PROBLEM TO SOLVE:
From the first line to the last, retype the listing without any alteration.

BEGIN

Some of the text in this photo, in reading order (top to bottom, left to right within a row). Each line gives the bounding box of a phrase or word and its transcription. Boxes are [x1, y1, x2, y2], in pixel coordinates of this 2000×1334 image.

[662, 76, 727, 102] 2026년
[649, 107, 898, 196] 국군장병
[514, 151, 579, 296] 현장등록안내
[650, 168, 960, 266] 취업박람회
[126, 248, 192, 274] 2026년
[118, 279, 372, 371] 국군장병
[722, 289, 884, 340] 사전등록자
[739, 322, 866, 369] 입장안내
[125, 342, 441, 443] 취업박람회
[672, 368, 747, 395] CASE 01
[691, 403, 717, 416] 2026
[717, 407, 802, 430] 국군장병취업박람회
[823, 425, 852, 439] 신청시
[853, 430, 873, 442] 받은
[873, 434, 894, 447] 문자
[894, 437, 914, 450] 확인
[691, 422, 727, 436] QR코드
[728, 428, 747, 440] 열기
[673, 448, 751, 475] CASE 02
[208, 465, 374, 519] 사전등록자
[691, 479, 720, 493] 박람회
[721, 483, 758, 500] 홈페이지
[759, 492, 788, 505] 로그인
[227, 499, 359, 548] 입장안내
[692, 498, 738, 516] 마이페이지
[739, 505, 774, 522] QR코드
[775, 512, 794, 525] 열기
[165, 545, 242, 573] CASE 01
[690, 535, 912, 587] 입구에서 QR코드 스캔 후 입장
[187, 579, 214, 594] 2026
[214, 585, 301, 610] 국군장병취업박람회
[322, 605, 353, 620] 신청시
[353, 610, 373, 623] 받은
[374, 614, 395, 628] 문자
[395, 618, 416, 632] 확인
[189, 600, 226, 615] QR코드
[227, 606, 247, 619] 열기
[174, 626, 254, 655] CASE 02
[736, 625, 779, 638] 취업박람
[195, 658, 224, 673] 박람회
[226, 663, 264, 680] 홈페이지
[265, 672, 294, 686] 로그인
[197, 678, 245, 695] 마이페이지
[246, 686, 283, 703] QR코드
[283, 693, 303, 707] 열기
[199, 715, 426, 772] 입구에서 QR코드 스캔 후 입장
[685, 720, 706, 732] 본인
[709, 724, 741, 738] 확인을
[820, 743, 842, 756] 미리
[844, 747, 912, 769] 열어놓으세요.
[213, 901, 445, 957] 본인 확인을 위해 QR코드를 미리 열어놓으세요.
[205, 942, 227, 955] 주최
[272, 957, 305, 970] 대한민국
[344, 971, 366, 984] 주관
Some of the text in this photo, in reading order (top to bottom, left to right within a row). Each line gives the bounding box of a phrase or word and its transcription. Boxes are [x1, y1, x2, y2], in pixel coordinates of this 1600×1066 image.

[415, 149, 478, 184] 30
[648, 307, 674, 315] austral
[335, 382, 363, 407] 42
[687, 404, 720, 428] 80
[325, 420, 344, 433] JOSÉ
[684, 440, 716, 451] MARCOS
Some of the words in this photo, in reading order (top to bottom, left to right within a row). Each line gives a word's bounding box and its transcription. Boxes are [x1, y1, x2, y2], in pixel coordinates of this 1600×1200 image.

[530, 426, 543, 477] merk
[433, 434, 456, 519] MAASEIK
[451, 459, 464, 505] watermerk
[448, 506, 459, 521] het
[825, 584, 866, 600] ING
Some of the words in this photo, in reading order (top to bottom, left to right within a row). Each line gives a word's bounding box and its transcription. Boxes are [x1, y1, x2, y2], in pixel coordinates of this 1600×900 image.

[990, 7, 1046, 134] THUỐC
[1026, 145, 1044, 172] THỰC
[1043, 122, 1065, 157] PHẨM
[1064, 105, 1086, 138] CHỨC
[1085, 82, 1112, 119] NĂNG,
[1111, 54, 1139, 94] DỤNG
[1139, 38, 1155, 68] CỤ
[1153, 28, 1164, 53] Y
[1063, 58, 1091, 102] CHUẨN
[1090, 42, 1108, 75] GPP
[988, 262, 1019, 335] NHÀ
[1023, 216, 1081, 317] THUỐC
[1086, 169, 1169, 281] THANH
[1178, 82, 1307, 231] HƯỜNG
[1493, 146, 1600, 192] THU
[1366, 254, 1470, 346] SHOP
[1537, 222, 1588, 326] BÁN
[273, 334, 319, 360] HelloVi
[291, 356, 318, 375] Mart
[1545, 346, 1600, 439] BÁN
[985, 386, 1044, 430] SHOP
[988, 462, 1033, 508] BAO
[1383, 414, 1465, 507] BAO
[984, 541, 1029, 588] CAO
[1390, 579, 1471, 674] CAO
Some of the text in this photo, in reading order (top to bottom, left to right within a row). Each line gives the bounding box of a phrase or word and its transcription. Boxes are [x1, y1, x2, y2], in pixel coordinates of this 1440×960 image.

END

SOLUTION FOR THIS TASK:
Some of the text in this photo, in reading order (top to bottom, left to right within a row). Each line gives the bounding box of a phrase or word and its transcription. Boxes are [x1, y1, x2, y2], in pixel coordinates of this 2000×1334 image.

[662, 76, 727, 102] 2026년
[649, 107, 898, 196] 국군장병
[514, 151, 579, 296] 현장등록안내
[650, 168, 960, 266] 취업박람회
[126, 248, 192, 274] 2026년
[118, 279, 372, 371] 국군장병
[722, 289, 884, 340] 사전등록자
[739, 322, 866, 369] 입장안내
[125, 342, 441, 443] 취업박람회
[672, 368, 747, 395] CASE 01
[691, 403, 717, 416] 2026
[717, 407, 802, 430] 국군장병취업박람회
[823, 425, 852, 439] 신청시
[853, 430, 873, 442] 받은
[873, 434, 894, 447] 문자
[894, 437, 914, 450] 확인
[691, 422, 727, 436] QR코드
[728, 428, 747, 440] 열기
[673, 448, 751, 475] CASE 02
[208, 465, 374, 519] 사전등록자
[691, 479, 720, 493] 박람회
[721, 483, 758, 500] 홈페이지
[759, 492, 788, 505] 로그인
[227, 499, 359, 548] 입장안내
[692, 498, 738, 516] 마이페이지
[739, 505, 774, 522] QR코드
[775, 512, 794, 525] 열기
[165, 545, 242, 573] CASE 01
[690, 535, 912, 587] 입구에서 QR코드 스캔 후 입장
[187, 579, 214, 594] 2026
[214, 585, 301, 610] 국군장병취업박람회
[322, 605, 353, 620] 신청시
[353, 610, 373, 623] 받은
[374, 614, 395, 628] 문자
[395, 618, 416, 632] 확인
[189, 600, 226, 615] QR코드
[227, 606, 247, 619] 열기
[174, 626, 254, 655] CASE 02
[736, 625, 779, 638] 취업박람
[195, 658, 224, 673] 박람회
[226, 663, 264, 680] 홈페이지
[265, 672, 294, 686] 로그인
[197, 678, 245, 695] 마이페이지
[246, 686, 283, 703] QR코드
[283, 693, 303, 707] 열기
[199, 715, 426, 772] 입구에서 QR코드 스캔 후 입장
[685, 720, 706, 732] 본인
[709, 724, 741, 738] 확인을
[820, 743, 842, 756] 미리
[844, 747, 912, 769] 열어놓으세요.
[213, 901, 445, 957] 본인 확인을 위해 QR코드를 미리 열어놓으세요.
[205, 942, 227, 955] 주최
[272, 957, 305, 970] 대한민국
[344, 971, 366, 984] 주관
Some of the text in this photo, in reading order (top to bottom, left to right within a row). Each line gives the bounding box of a phrase or word and its transcription. Boxes are [x1, y1, x2, y2], in pixel coordinates of this 1600×1066 image.

[415, 149, 478, 184] 30
[648, 307, 674, 315] austral
[335, 382, 363, 407] 42
[687, 404, 720, 428] 80
[325, 420, 344, 433] JOSÉ
[684, 440, 716, 451] MARCOS
Some of the words in this photo, in reading order (top to bottom, left to right within a row). Each line gives a word's bounding box and its transcription. Boxes are [x1, y1, x2, y2], in pixel coordinates of this 1600×1200 image.

[530, 426, 543, 477] merk
[433, 434, 456, 519] MAASEIK
[451, 459, 464, 505] watermerk
[448, 506, 459, 521] het
[825, 584, 866, 600] ING
Some of the words in this photo, in reading order (top to bottom, left to right within a row). Each line gives a word's bounding box and its transcription. Boxes are [x1, y1, x2, y2], in pixel coordinates of this 1600×900 image.

[990, 7, 1046, 134] THUỐC
[1026, 145, 1044, 172] THỰC
[1043, 122, 1065, 157] PHẨM
[1064, 105, 1086, 138] CHỨC
[1085, 82, 1112, 119] NĂNG,
[1111, 54, 1139, 94] DỤNG
[1139, 38, 1155, 68] CỤ
[1153, 28, 1164, 53] Y
[1063, 58, 1091, 102] CHUẨN
[1090, 42, 1108, 75] GPP
[988, 262, 1019, 335] NHÀ
[1023, 216, 1081, 317] THUỐC
[1086, 169, 1169, 281] THANH
[1178, 82, 1307, 231] HƯỜNG
[1493, 146, 1600, 192] THU
[1366, 254, 1470, 346] SHOP
[1537, 222, 1588, 326] BÁN
[273, 334, 319, 360] HelloVi
[291, 356, 318, 375] Mart
[1545, 346, 1600, 439] BÁN
[985, 386, 1044, 430] SHOP
[988, 462, 1033, 508] BAO
[1383, 414, 1465, 507] BAO
[984, 541, 1029, 588] CAO
[1390, 579, 1471, 674] CAO
Some of the text in this photo, in reading order (top to bottom, left to right within a row). Each line gives the bounding box of a phrase or word and its transcription. Boxes are [x1, y1, x2, y2], in pixel coordinates of this 1440×960 image.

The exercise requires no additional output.